■ WORKING DATA
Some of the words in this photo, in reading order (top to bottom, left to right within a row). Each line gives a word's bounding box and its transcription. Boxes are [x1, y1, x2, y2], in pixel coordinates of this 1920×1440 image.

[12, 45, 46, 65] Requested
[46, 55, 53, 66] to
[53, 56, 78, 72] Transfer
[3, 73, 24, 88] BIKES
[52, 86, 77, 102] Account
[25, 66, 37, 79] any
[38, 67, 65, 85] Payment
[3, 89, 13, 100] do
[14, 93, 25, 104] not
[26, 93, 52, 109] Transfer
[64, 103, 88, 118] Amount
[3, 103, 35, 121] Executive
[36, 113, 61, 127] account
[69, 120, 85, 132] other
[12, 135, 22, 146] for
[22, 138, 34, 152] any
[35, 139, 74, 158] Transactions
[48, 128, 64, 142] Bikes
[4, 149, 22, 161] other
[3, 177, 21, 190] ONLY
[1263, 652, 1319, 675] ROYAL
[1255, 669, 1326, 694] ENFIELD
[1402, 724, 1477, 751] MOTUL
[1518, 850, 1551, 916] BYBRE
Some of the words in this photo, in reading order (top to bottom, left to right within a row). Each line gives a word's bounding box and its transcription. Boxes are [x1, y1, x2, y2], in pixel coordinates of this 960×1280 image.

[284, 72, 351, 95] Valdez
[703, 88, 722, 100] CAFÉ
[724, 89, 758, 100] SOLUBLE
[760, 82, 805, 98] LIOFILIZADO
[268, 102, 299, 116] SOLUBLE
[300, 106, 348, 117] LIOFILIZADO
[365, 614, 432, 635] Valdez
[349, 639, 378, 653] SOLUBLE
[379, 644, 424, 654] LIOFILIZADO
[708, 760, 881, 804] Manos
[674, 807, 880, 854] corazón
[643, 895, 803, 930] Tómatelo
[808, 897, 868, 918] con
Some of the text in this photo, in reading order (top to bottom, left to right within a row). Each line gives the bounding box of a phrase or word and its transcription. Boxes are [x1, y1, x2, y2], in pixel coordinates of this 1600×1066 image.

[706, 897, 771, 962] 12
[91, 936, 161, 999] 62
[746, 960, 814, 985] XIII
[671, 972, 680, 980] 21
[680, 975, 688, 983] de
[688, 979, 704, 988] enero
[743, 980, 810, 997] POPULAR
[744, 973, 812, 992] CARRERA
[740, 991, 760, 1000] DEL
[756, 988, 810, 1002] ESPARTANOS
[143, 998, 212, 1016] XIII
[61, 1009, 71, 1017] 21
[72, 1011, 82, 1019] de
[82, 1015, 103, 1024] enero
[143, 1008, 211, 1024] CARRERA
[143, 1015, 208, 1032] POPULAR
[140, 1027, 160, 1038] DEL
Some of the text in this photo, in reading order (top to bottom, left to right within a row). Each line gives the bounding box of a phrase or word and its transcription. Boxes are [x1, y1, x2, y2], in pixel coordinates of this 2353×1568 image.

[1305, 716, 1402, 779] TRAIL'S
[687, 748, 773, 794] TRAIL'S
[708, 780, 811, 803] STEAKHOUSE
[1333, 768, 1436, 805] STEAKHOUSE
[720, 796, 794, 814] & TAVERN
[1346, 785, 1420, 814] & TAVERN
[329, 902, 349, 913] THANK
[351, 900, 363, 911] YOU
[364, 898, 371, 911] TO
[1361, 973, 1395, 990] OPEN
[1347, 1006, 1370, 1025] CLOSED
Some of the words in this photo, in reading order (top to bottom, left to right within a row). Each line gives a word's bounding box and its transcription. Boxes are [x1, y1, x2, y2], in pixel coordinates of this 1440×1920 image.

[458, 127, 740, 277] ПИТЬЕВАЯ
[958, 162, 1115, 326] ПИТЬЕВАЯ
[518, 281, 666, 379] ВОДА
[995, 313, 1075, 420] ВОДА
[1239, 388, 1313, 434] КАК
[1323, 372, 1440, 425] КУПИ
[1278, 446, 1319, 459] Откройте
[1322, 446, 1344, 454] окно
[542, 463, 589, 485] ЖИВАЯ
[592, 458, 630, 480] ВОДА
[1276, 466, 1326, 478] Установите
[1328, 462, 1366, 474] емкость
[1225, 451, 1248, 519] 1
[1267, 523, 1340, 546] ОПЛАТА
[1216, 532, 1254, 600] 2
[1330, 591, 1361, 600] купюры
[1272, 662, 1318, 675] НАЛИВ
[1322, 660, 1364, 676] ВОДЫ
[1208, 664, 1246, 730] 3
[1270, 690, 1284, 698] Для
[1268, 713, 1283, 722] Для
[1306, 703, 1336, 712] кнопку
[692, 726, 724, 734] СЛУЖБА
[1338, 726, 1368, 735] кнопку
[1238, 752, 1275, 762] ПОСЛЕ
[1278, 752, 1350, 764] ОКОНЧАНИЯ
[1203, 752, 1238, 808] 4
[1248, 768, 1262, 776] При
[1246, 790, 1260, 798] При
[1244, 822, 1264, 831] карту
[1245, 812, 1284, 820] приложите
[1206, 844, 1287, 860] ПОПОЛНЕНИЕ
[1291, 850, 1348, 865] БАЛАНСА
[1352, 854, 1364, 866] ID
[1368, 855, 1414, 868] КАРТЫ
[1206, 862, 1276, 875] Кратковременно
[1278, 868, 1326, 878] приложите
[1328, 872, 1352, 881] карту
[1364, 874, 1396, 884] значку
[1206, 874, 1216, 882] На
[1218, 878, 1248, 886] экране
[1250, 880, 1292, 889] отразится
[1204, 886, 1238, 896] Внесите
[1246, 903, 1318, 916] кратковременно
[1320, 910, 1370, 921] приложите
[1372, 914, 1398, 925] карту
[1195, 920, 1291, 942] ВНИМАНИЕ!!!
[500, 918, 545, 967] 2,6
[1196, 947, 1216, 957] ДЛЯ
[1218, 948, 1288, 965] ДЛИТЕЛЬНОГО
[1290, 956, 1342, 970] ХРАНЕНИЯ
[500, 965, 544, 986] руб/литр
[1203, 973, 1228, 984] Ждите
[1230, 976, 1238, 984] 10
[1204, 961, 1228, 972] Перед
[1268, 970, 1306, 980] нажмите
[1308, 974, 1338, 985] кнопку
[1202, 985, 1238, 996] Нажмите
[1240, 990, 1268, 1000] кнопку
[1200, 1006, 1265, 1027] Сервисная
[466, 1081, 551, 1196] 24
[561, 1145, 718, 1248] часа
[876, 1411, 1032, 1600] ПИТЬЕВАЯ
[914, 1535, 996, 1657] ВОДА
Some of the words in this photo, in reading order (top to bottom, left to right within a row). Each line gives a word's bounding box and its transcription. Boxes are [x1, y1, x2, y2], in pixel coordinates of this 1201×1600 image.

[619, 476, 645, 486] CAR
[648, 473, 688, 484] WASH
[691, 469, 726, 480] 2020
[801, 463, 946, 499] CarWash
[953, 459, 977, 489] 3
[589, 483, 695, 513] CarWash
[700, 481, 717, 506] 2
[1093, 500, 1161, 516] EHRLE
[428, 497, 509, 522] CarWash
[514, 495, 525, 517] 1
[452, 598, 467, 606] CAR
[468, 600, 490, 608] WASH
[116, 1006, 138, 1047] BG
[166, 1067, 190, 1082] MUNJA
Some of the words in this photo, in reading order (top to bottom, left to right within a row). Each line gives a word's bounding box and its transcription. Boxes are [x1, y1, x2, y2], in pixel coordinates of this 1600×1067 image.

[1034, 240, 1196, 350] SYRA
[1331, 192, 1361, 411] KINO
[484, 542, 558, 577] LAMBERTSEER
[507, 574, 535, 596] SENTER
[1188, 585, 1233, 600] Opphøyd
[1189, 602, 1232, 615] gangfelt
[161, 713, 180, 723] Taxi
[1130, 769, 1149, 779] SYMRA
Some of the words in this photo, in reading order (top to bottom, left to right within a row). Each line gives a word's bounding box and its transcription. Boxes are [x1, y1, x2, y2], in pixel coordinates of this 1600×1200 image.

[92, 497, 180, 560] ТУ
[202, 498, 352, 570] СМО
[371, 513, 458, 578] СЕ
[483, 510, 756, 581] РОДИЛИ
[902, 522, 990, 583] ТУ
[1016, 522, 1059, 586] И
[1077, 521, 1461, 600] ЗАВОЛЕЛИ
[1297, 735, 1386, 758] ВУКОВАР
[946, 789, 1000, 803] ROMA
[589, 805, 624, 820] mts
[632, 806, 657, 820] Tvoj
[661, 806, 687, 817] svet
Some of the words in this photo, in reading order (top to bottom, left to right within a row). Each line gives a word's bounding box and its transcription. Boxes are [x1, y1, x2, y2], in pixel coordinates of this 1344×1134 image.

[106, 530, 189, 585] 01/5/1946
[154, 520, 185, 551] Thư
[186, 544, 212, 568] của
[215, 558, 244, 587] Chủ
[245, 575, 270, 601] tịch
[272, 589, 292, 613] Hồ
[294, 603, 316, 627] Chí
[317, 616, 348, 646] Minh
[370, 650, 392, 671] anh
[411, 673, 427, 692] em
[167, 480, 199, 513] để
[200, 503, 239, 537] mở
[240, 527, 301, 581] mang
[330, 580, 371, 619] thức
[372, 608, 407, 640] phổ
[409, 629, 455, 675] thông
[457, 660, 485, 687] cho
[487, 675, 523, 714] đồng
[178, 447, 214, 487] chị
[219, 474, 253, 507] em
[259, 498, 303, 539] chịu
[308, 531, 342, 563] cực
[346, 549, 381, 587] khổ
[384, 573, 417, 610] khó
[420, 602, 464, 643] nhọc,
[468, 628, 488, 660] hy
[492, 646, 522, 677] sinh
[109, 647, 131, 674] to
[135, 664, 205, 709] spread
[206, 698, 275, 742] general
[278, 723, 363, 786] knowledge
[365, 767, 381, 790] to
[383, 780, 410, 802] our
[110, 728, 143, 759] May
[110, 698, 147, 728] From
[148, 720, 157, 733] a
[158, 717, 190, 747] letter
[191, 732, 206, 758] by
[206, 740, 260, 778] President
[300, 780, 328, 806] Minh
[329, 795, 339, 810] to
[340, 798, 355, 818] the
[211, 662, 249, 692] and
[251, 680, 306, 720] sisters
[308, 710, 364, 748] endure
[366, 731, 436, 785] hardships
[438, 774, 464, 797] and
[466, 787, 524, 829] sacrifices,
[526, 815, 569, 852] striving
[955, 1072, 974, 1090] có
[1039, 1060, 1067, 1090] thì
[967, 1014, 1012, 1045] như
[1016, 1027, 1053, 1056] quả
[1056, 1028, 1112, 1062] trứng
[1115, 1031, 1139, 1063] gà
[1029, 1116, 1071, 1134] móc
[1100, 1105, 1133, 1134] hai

■ WHAT IS REQUIRED
Print exactly, and only, the lines from the line that contains "this 1344×1134 image." through the last line of the records.

■ RESULT FOR THIS TASK
Some of the words in this photo, in reading order (top to bottom, left to right within a row). Each line gives a word's bounding box and its transcription. Boxes are [x1, y1, x2, y2], in pixel coordinates of this 1344×1134 image.

[106, 530, 189, 585] 01/5/1946
[154, 520, 185, 551] Thư
[186, 544, 212, 568] của
[215, 558, 244, 587] Chủ
[245, 575, 270, 601] tịch
[272, 589, 292, 613] Hồ
[294, 603, 316, 627] Chí
[317, 616, 348, 646] Minh
[370, 650, 392, 671] anh
[411, 673, 427, 692] em
[167, 480, 199, 513] để
[200, 503, 239, 537] mở
[240, 527, 301, 581] mang
[330, 580, 371, 619] thức
[372, 608, 407, 640] phổ
[409, 629, 455, 675] thông
[457, 660, 485, 687] cho
[487, 675, 523, 714] đồng
[178, 447, 214, 487] chị
[219, 474, 253, 507] em
[259, 498, 303, 539] chịu
[308, 531, 342, 563] cực
[346, 549, 381, 587] khổ
[384, 573, 417, 610] khó
[420, 602, 464, 643] nhọc,
[468, 628, 488, 660] hy
[492, 646, 522, 677] sinh
[109, 647, 131, 674] to
[135, 664, 205, 709] spread
[206, 698, 275, 742] general
[278, 723, 363, 786] knowledge
[365, 767, 381, 790] to
[383, 780, 410, 802] our
[110, 728, 143, 759] May
[110, 698, 147, 728] From
[148, 720, 157, 733] a
[158, 717, 190, 747] letter
[191, 732, 206, 758] by
[206, 740, 260, 778] President
[300, 780, 328, 806] Minh
[329, 795, 339, 810] to
[340, 798, 355, 818] the
[211, 662, 249, 692] and
[251, 680, 306, 720] sisters
[308, 710, 364, 748] endure
[366, 731, 436, 785] hardships
[438, 774, 464, 797] and
[466, 787, 524, 829] sacrifices,
[526, 815, 569, 852] striving
[955, 1072, 974, 1090] có
[1039, 1060, 1067, 1090] thì
[967, 1014, 1012, 1045] như
[1016, 1027, 1053, 1056] quả
[1056, 1028, 1112, 1062] trứng
[1115, 1031, 1139, 1063] gà
[1029, 1116, 1071, 1134] móc
[1100, 1105, 1133, 1134] hai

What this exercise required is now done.